Physician assistants (PAs) are health professionals licensed to practice medicine with physician supervision. They conduct physical examinations, diagnose and treat illnesses, order and interpret test results, provide preventive care counseling, assist in surgery and write prescriptions.
PAs emerged in the 1960s when physicians and educators recognized a shortage and uneven distribution of primary care physicians throughout the United States. The first PAs were a group of hand-picked Navy corpsmen who were selected because of the considerable medical training they had received during their military service. Dr. Eugene Stead of the Duke University Medical Center created a curriculum for the students based on the fast-track training of physicians during World War II.
Today’s PA program takes a little more than two years to complete and is made up of an equal portion of classroom studies and clinical rotations. Upon graduation, PAs sit for a national certification exam. To maintain their national certification, they must log 100 hours of continuing medical education every two years and take a certification exam every six years.
Jaime Caro, PA-C, RCS, is one of 84 PAs currently working throughout the Scott & White Healthcare System. He sees the role of the PA becoming even more important now that the healthcare reform bill has passed.
“More people than ever before will have access to medical care,” Caro said. “PAs have the skills to address this new demand for care, especially in primary and family care practices.”

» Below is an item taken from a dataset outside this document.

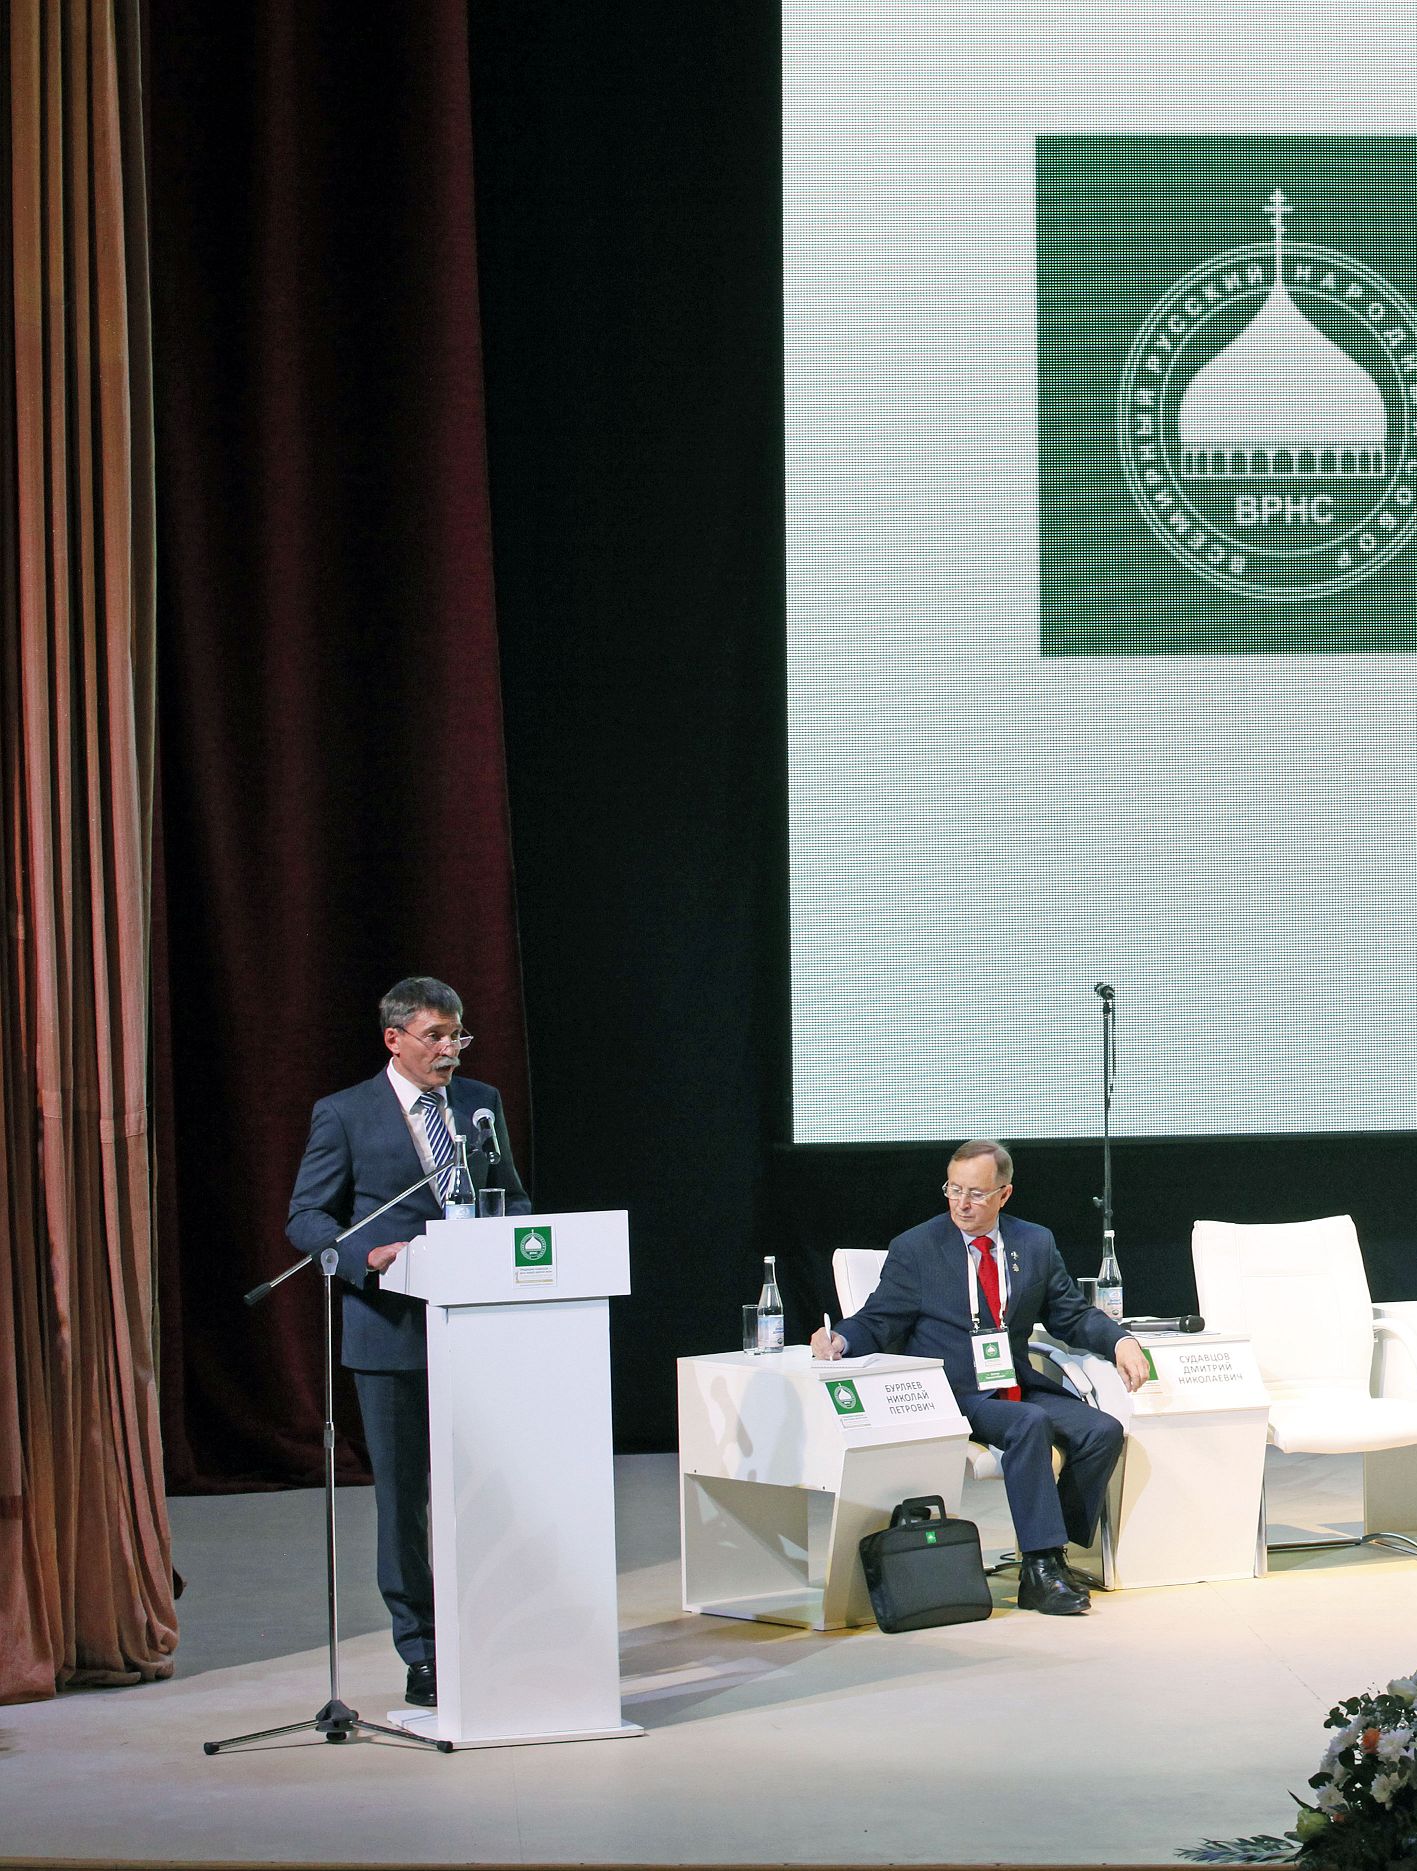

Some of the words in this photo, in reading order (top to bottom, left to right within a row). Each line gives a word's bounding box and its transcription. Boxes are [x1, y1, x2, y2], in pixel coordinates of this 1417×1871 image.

The American Academy of Family Physicians projects the U.S. will face a shortfall of 40,000 family physicians by 2020. This shortage will be met, in large part, by PAs, who will play an integral part in transforming patient care in America.
Today, almost 75,000 PAs provide care to more than 250 million patients annually in virtually every field of medicine and surgery, closely working with physicians and other members of the healthcare team. The Bureau of Labor Statistics expects the number of PAs to increase by 39 percent within the next decade, making it one of the fastest growing occupations.
“The PAs at Scott & White take great pride in our contributions to the care of our patients,” Caro said. “We truly enjoy our work, and look forward to continuing to be able to provide the highest quality care as part of the mission of Scott & White.”